30Supilo se livre en outre à une analyse comparée en psychologie des masses des deux entités croate et serbe. Pour les Croates, avoir confié « leur conscience nationale et morale à la perfidie et aux intrigues de l’Église de Rome », qui n’a eu pour ambition que d’imposer son pouvoir temporel, aurait eu des conséquences désastreuses. Dans l’Empire habsbourgeois, terre de pactes et de compromis, l’élection des Habsbourg au xvie siècle, ainsi continue la démonstration, ne fut pas le fait d’une libre délibération par la noblesse croate, car les régiments espagnols étaient stationnés dans les environs pour veiller au bon déroulement des choses. L’aristocratie et le cléricalisme demeurent in fine, en raison de cette inclusion dans l’espace habsbourgeois, les grands fléaux qui affectent la Croatie et ne lui accordent pas de liberté d’action, la rendant impropre au sacrifice que le peuple serbe a consenti lors des deux Guerres balkaniques. Alors que la société croate serait menacée par l’influence de l’Église catholique, que Supilo dénonce encore une fois comme un atavisme clérical aussi néfaste que le poids de l’aristocratie, il lui oppose la dynamique que représente la Serbie, qui fait naître l’espoir d’une société démocratique, dans la mesure où elle a pu se mobiliser, même sans élite nobiliaire. Le modèle d’une population serbe constituée de paysans et de bergers qui a gagné sa liberté dans ces conditions sociales est, d’après sa « conviction la plus profonde », le reflet d’une foi différente. La comparaison avec la Serbie lors des derniers conflits balkaniques sert de modèle pour une mobilisation en masse à venir : « Il n’y a pas dans l’histoire contemporaine d’exemple d’un peuple [narod], d’une plèbe [puk], qui aurait répondu d’une telle manière à l’appel de la mobilisation et où 50 000 volontaires se sont présentés en plus des appelés et des hommes dont la venue était jugée nécessaire ». Cet enthousiasme guerrier apparaît comme un modèle, que Supilo évoque dans un récit qui met en exergue « les épisodes touchants de cette ferveur. Et c’est précisément parce qu’ils se sont précipités pour se sacrifier qu’ils ont réussi ». En Croatie en revanche, « le feu d’une puissante et intransigeante action purifierait tout ou bien engloutirait tout dans cet incendie ». Enfin, « l’orateur démontra qu’une telle action anéantirait toutes les attitudes exclusives au nom du triomphe complet de l’idée d’unité nationale des Serbes et des Croates ».
- 71 Petrinović, Politička misao Frana Supila, op. cit., chapitre 6, « Političko djelovanje uoči balkans (...)

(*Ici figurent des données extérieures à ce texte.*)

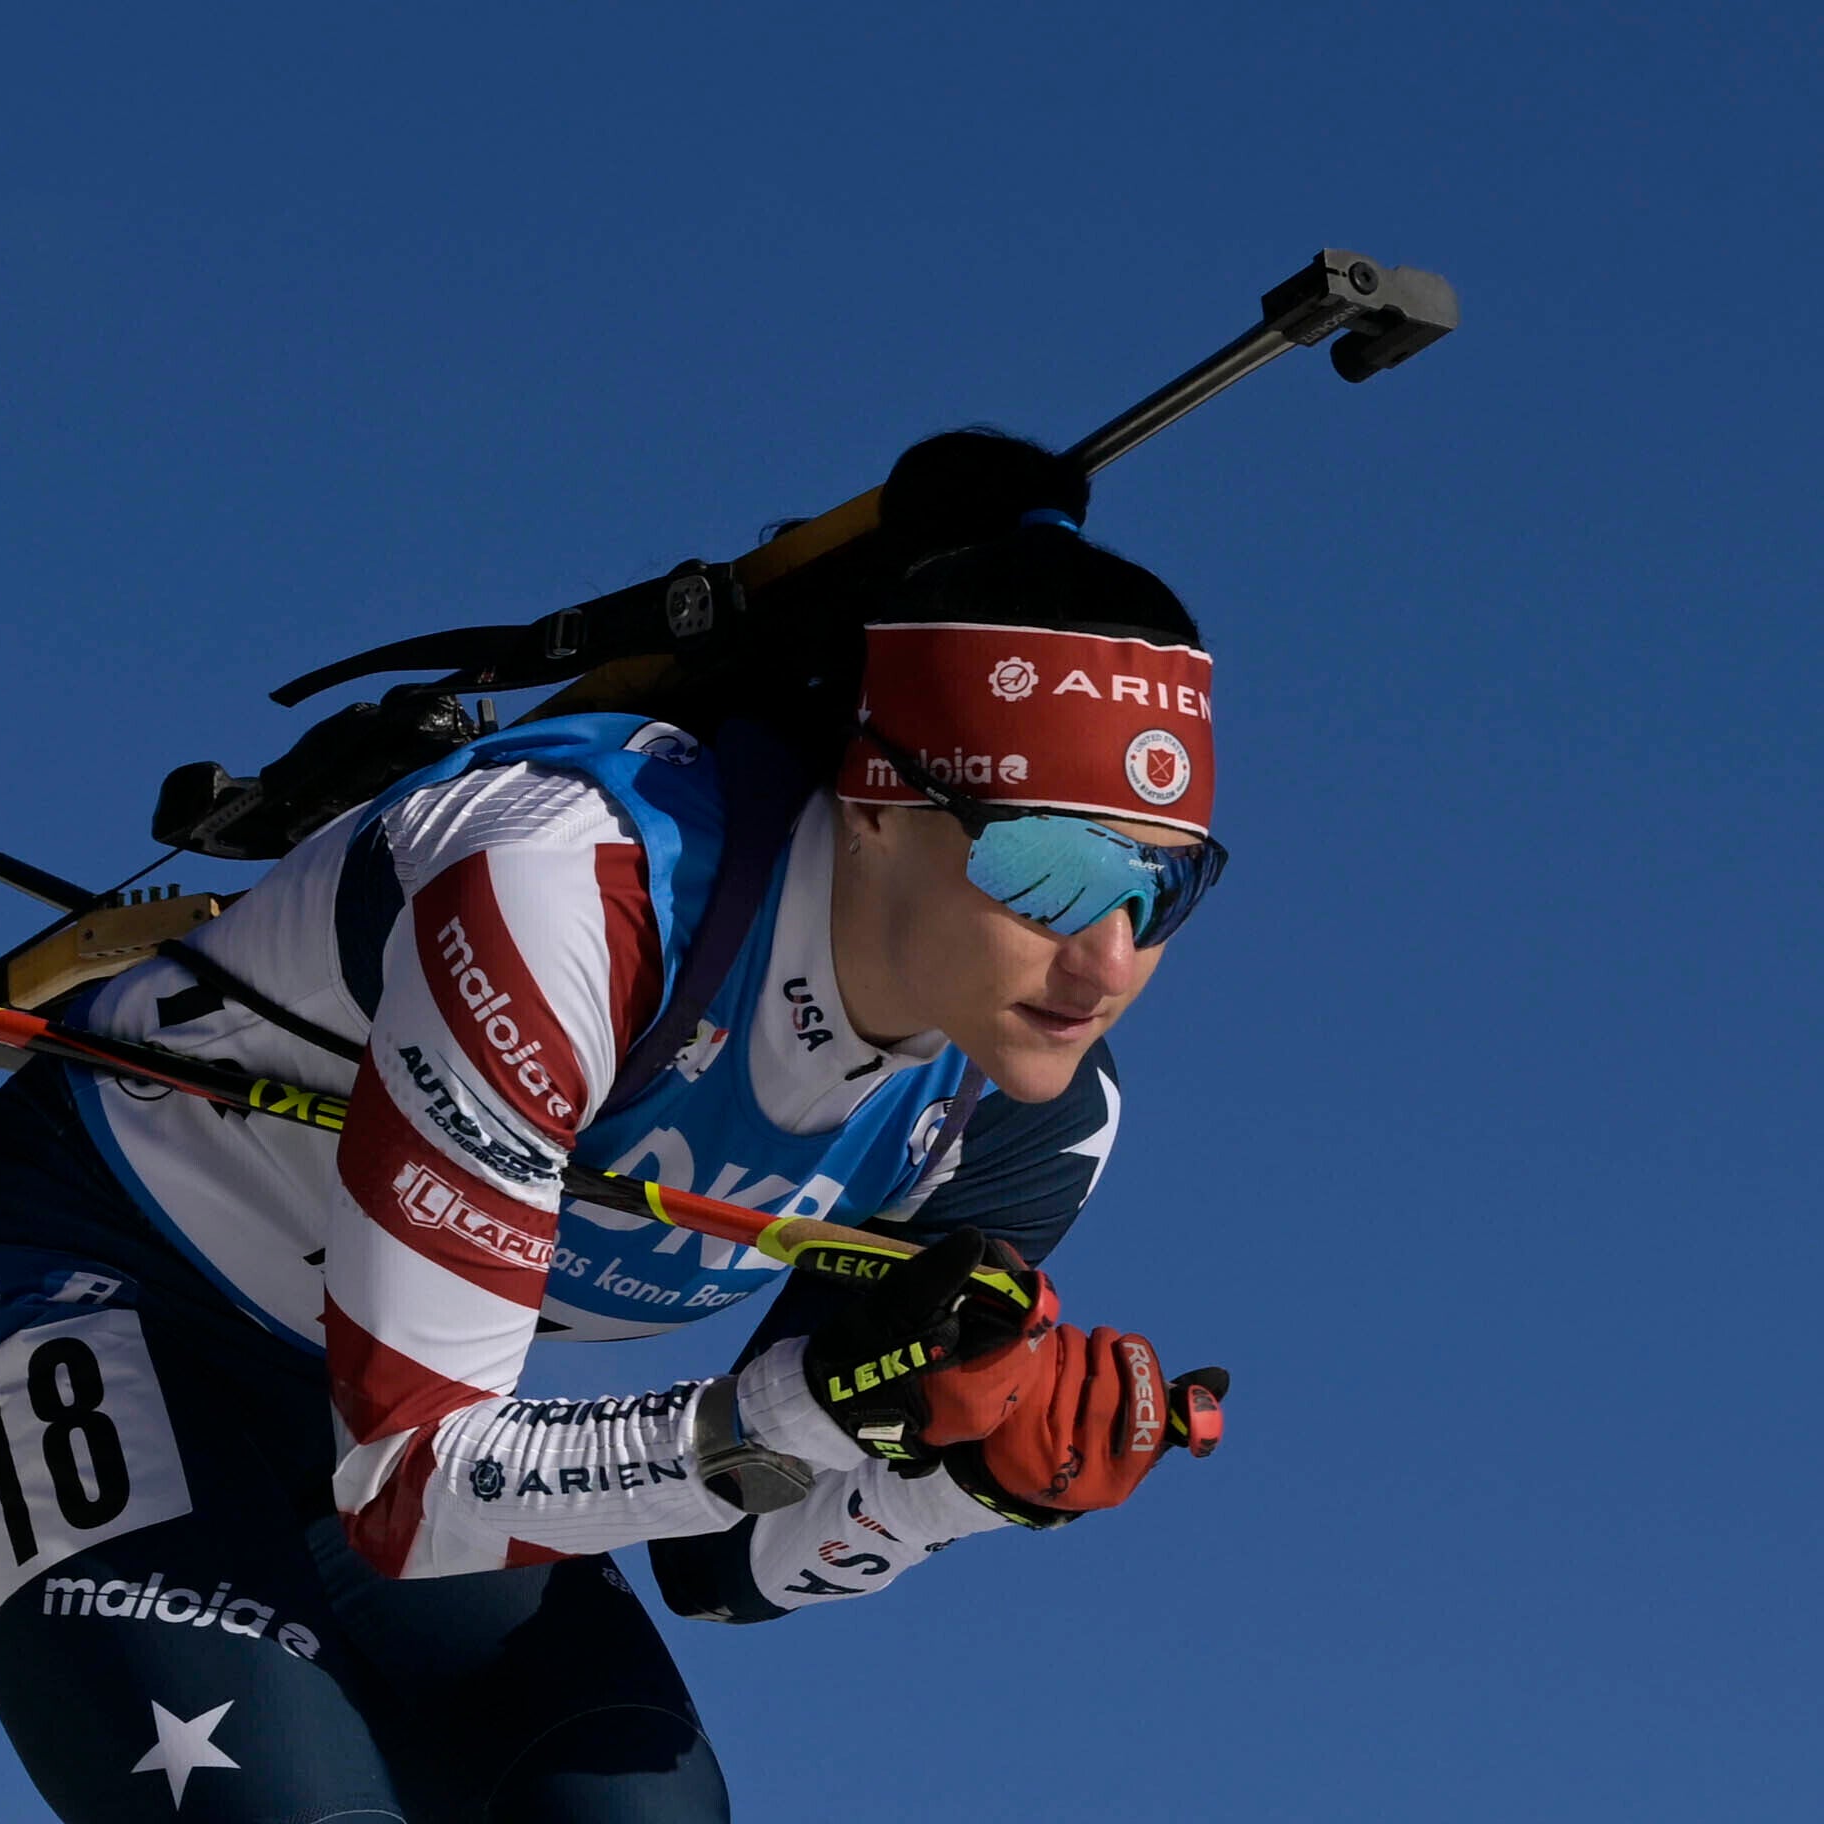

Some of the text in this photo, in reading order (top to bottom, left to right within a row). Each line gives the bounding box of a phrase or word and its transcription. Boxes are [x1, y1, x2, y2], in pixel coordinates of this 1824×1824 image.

31La nouveauté qu’introduisent les Guerres balkaniques est donc le rôle accru que la Serbie devra dorénavant jouer comme facteur influençant le cours des choses en Croatie. Il ne s’agit cependant pas, aux yeux de Supilo, de faire jouer à la Serbie le rôle d’un Piémont, mais celui d’accélérateur de l’émancipation. Supilo finit par l’évocation des projets étatiques futurs qu’il s’agirait désormais de mener à bien, une union serbo-croate, à laquelle devraient se joindre les Slovènes s’ils le souhaitent. Le projet vise à créer des structures étatiques en Croatie et en Bosnie, l’essentiel consistant à lutter contre la présence germanique. Dans le but d’obtenir une autonomie complète, qui ne peut être purement croate, il présente son idée d’une union des peuples71. L’inspiration est à puiser dans un modèle de résistance serbe radical, qui n’hésite pas à oser adopter une position jusqu’au-boutiste, au mépris du compromis, du moins jusqu’à l’établissement d’un État stable. Radicalisme et opportunisme ont déjà été mis en œuvre en Serbie avant la guerre, lorsque l’Autriche-Hongrie a cherché à l’étouffer économiquement. C’est en termes darwiniens, et leurs dérivés spencériens, que se présente à ses yeux la situation, face à laquelle la violence sert d’ultime recours :
Un radicalisme inconditionnel est, tout comme un opportunisme inconditionnel, un phénomène pathologique. […] Il faut faire usage de la première méthode lorsqu’il en va de questions vitales, de la survie même de la nation, de son honneur, dans des actions où il n’y a rien ou pas grand-chose à perdre et beaucoup à gagner ; de l’autre dans des circonstances extrêmes, quand existent des conditions acceptables pour la survie nationale, quand on sent que l’on est maître de son destin. Entre les deux, l’instinct de survie, allié au bon sens, fait le choix selon ses besoins.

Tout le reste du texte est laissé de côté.